Faceless rule-makers

Yesterday’s post about Facebook’s abysmal security algorithm prompts thoughts about the power of faceless rule-makers and how they deploy that power.  Lest we forget, computer applications are designed by humans, who are as prone as the next person to commit errors.

Whether it’s a computer, an in-car system or a game on a tablet, it cannot have been tested in every conceivable scenario. I recall some years back seeing the standard message on computers, along these lines – ‘You have committed an illegal action.’ Which definitely alarmed law-abiding new users, who worried about what they’d done… This is typical of some programmers – too lazy to program and test for all eventualities, they let the conditional options drop through a number of possible messages and then throw in a catch-all – ‘illegal alert!’ – to capture any other unforeseen route a user might go down.

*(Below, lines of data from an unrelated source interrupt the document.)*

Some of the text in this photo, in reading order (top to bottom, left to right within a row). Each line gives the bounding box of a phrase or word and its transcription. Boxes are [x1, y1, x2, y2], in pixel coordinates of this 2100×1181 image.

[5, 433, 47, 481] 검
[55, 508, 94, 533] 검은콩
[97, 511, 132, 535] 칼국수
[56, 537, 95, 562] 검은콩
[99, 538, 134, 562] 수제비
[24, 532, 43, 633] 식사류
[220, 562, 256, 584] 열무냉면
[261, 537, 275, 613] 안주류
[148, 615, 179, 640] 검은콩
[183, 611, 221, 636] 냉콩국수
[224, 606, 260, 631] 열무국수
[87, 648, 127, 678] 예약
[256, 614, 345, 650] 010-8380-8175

It’s the English language being misused: illegal in my dictionary says it’s something that’s contrary to or for bidden by law. The last time I looked, computer programmers didn’t make law – they make rules. The same goes for android and robots used with regard to tablets and apps. Android is an automaton resembling a human being; robot was invented by Karel Capek in his story ‘R.U.R – Rossum’s Universal Robots’ and derives from the Polish, Ukrainian robota, forced labour, and Russian, robota, work. Early twentieth century definition now accepts that it can be a machine that carries out a variety of tasks automatically or with a minimum of external impulse (such as factory robots); that’s still a big leap from software applications.

Are the individuals who label these applications so devoid of imagination that they must steal an existing term for their jargon? Ask any sci-fi writer and he or she would probably come up with something appropriate. I realise that it’s academic my discussing this, when you consider that for the Windows operating system you have to click on ‘Start’ to log off (which was removed, sensibly, but the clamour from old users has demanded its return, a yearning for the familiar).

I digress. Consider two new ideas being bandied about of late – driverless cars and driverless lorry convoys!

We’re slowly blindly going down that path that was trodden decades before the Terminator movies were thought of, be assured.

If users become dependent on all these applications, then when they go wrong, as they do and will continue to do so, the resultant responses will be anger without management, frustration, and a tendency to rebel – whether as a hacker, a troll or in a more personal manner. It’s the stuff of science fiction. Harlan Ellison’s ‘ “Repent, Harlequin!” said the Ticktockman’ was about nonconformity being a felony, as well as being a moral tale. Sci-fi authors extrapolate current trends to see where it might lead. Jim England’s story ‘The Globe’ (published in Auguries #6, 1987 is about, among other things, litter louts being zapped by a surveillance stun-gun. And the late Bob Jenkins published a short story ‘No Fire Without Smoke’ (published in Adlib, 1985, reprinted Portsmouth Post, 2007) that casts cigarette smokers as public enemies, liable to be incarcerated or even shot…
'The Globe', 1987
 
The point – faceless rule-makers, if allowed, can take us down a road of unintended and even unperceived consequences.

Back to normal tomorrow…

 

2 comments:

Anonymous said...

Thanks for today's Blog, Nik. I felt it a must to Share! :)

Nik Morton said...

And, Anon, thanks for sharing it!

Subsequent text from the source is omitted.